- Exercise objective
Please restate the data exactly, from the first line to the last.

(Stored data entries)
#####
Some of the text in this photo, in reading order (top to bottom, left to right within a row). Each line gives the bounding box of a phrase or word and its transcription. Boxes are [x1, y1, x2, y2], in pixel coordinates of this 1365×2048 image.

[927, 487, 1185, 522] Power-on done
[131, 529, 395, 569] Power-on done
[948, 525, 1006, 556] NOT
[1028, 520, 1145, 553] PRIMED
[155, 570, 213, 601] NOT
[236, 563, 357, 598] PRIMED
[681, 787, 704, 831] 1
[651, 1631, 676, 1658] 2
#####
- Response for this exercise
Some of the text in this photo, in reading order (top to bottom, left to right within a row). Each line gives the bounding box of a phrase or word and its transcription. Boxes are [x1, y1, x2, y2], in pixel coordinates of this 1365×2048 image.

[927, 487, 1185, 522] Power-on done
[131, 529, 395, 569] Power-on done
[948, 525, 1006, 556] NOT
[1028, 520, 1145, 553] PRIMED
[155, 570, 213, 601] NOT
[236, 563, 357, 598] PRIMED
[681, 787, 704, 831] 1
[651, 1631, 676, 1658] 2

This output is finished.